Each cell contains the number of solutions that had a given composite evidence quality score on the basis of evidence diversity, consistency, and applicability (none is defined as hypotheses and anecdotes; low quality evidence is defined as some supporting studies with moderate to major gaps, inconsistency, or low applicability; medium is defined as several lines of evidence that are mostly consistent and applicable; and high is defined as diverse, consistent, and highly applicable evidence that leaves little to no uncertainty regarding the outcome). The green colour is used to emphasise that most solutions were supported by low or medium evidence for conservation or health outcomes.

We categorised existing evidence quality for each potential solution using a modified Bridge Collaborative rubric81 with three categories (evidence types and diversity, evidence consistency, and evidence applicability; appendix pp 5–7, 15). We then combined these three categories into one composite score for overall evidence quality for health outcomes and one score for conservation outcomes (Figure 2, Figure 6). No evidence indicated that cases were supported only by hypotheses and anecdotes; low quality evidence indicated that there were few supporting studies with moderate to major evidence gaps, unexplained inconsistency, or low applicability; medium quality indicated that there were several lines of evidence that were mostly consistent and applicable, and inconsistency could be explained; and high quality indicated diverse evidence types, usually including an intervention study, that yielded consistent and applicable results and left little to no uncertainty regarding the outcome.
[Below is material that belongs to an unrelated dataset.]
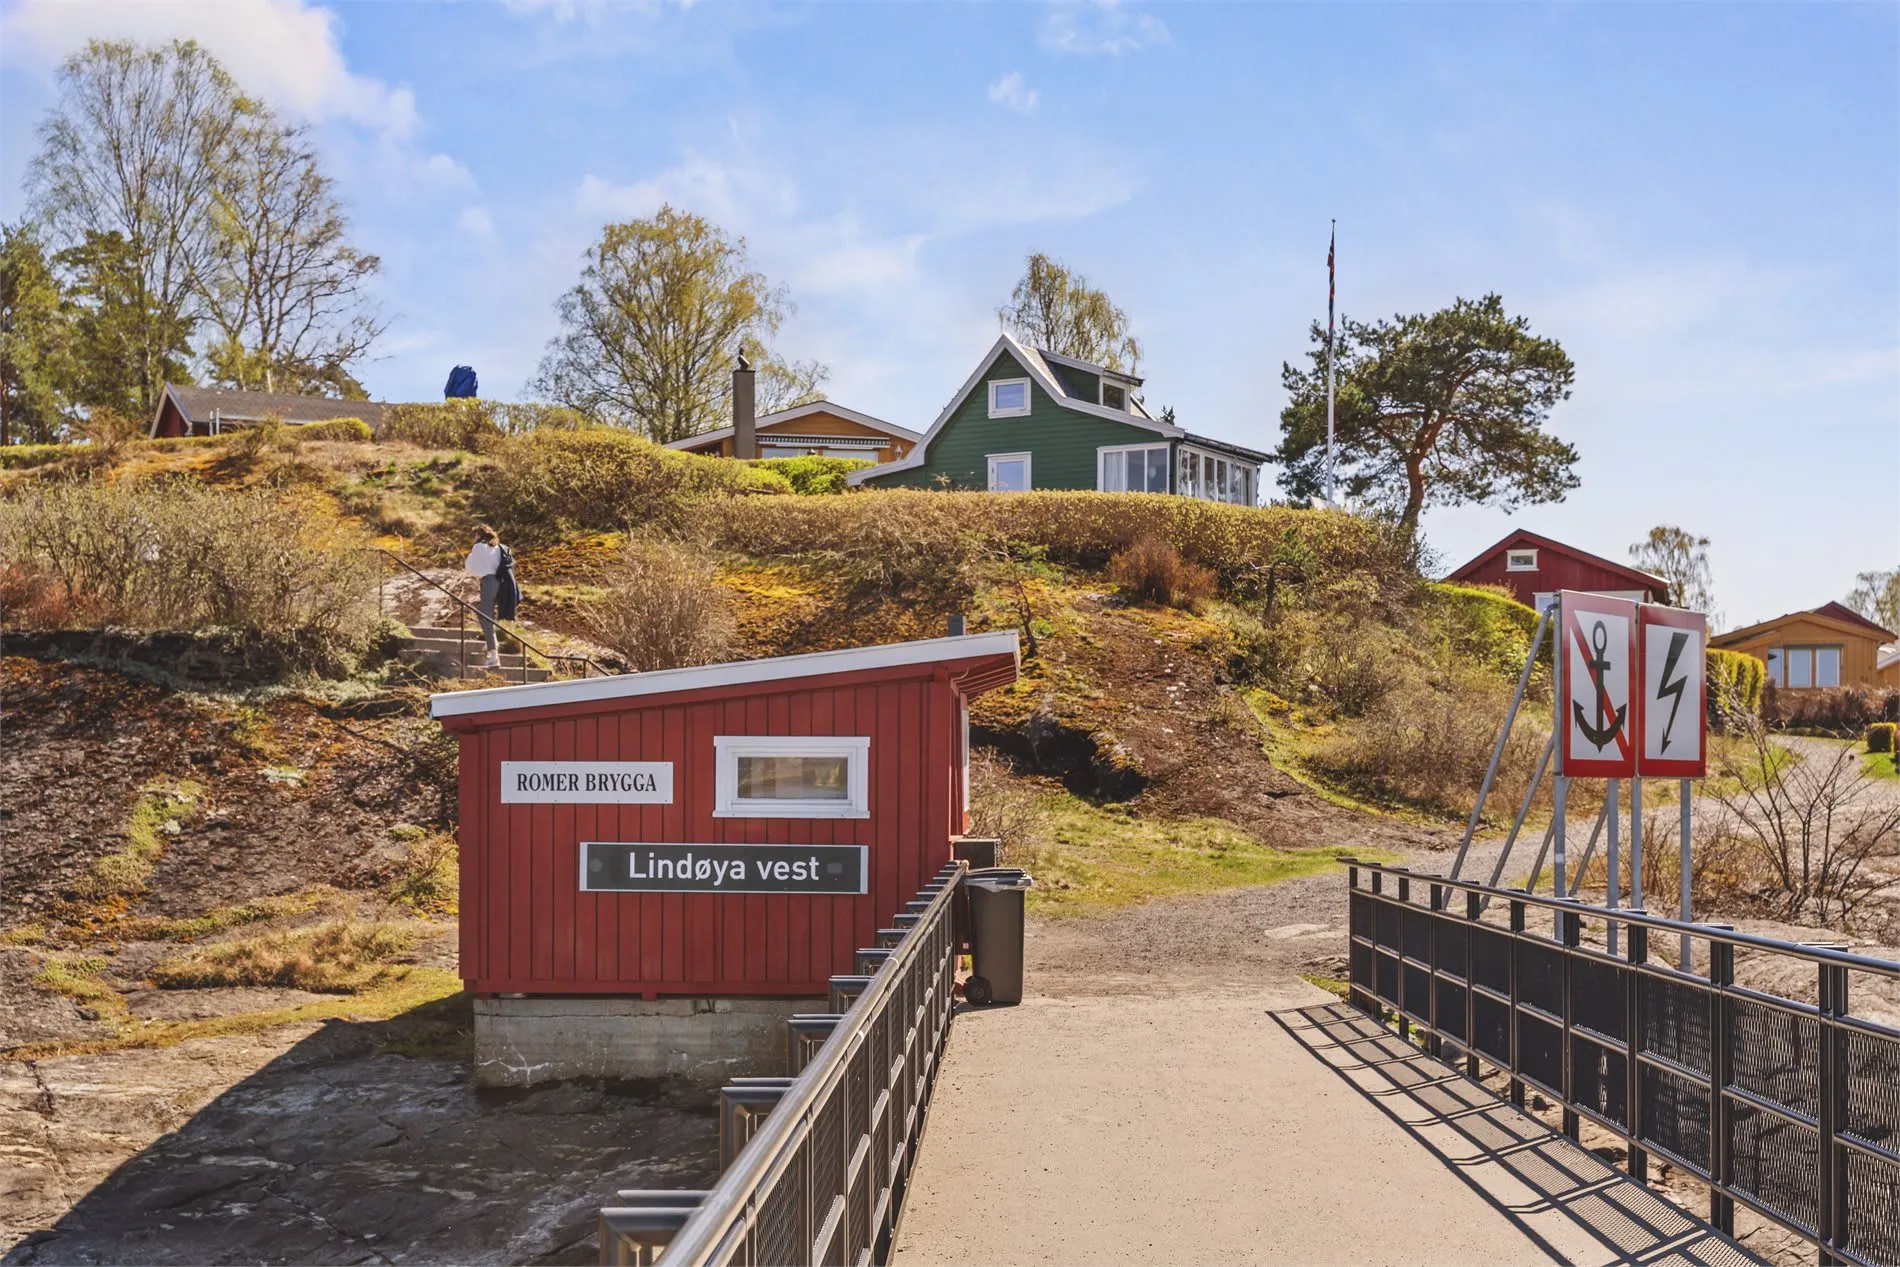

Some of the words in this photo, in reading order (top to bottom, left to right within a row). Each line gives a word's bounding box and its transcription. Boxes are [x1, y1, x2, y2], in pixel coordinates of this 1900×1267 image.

The resulting composite evidence quality scores highlight which solutions have had demonstrable success for health and conservation outcomes and which still have evidence gaps.

There were seven solutions that already had medium to high evidence quality for conservation and human health success (figure 6). For example, vaccinating dogs and wild carnivores to reduce rabies transmission among dogs, wildlife, and people was supported by high evidence quality for both outcomes (including successful intervention programmes).82, 83 Most solutions had higher evidence quality regarding effectiveness for conservation than for health. For example, controlling invasive rats, brushtail possums, and cats can conserve endemic species,84, 85, 86 especially on islands. There are also studies linking invasive species control and human infectious disease burden,87, 88 but the evidence types and diversity are low. Similarly, although forest restoration and conservation have well established benefits to ecosystem structure and function89, 90 and several correlational studies link upstream forest cover to reduced childhood diarrhoea risk downstream,91 none of these are intervention studies. Although evidence for these solutions could still be improved, these examples show that effective cross-sector solutions exist.

There were 17 potential solutions that had low overall evidence quality due to low evidence diversity, applicability, or consistency that was difficult to explain for one or both outcomes. For example, two observational studies92, 93 (scarce evidence diversity) quantified high leopard predation rates on free-ranging domestic dogs, an important disease reservoir for rabies near Mumbai (India).92 Leopard conservation might reduce dog rabies, and thus human rabies risk, but predation or culling of dogs could also counterintuitively increase rabies in dog reservoir populations (ie, potentially not consistent).94 In another example, regulating drawdown rates for water reservoirs created by dams might restore aquatic communities and reduce larval mosquito survival, thus reducing human malaria risk near dams.95 However, the existing evidence did not come from countries with high malaria burden (ie, low applicability). Additionally, integrating wild grazing animals on land parcels used for grazing cattle (frequently treated for ticks) might increase forage availability for wildlife and reduce tick abundance on land parcels,96 which in turn might affect human disease risk, but tick-borne disease incidence in humans has never been measured for this solution (ie, low applicability). As these examples illustrate, many promising solutions had some supporting evidence, but most solutions had notable data gaps (figure 5).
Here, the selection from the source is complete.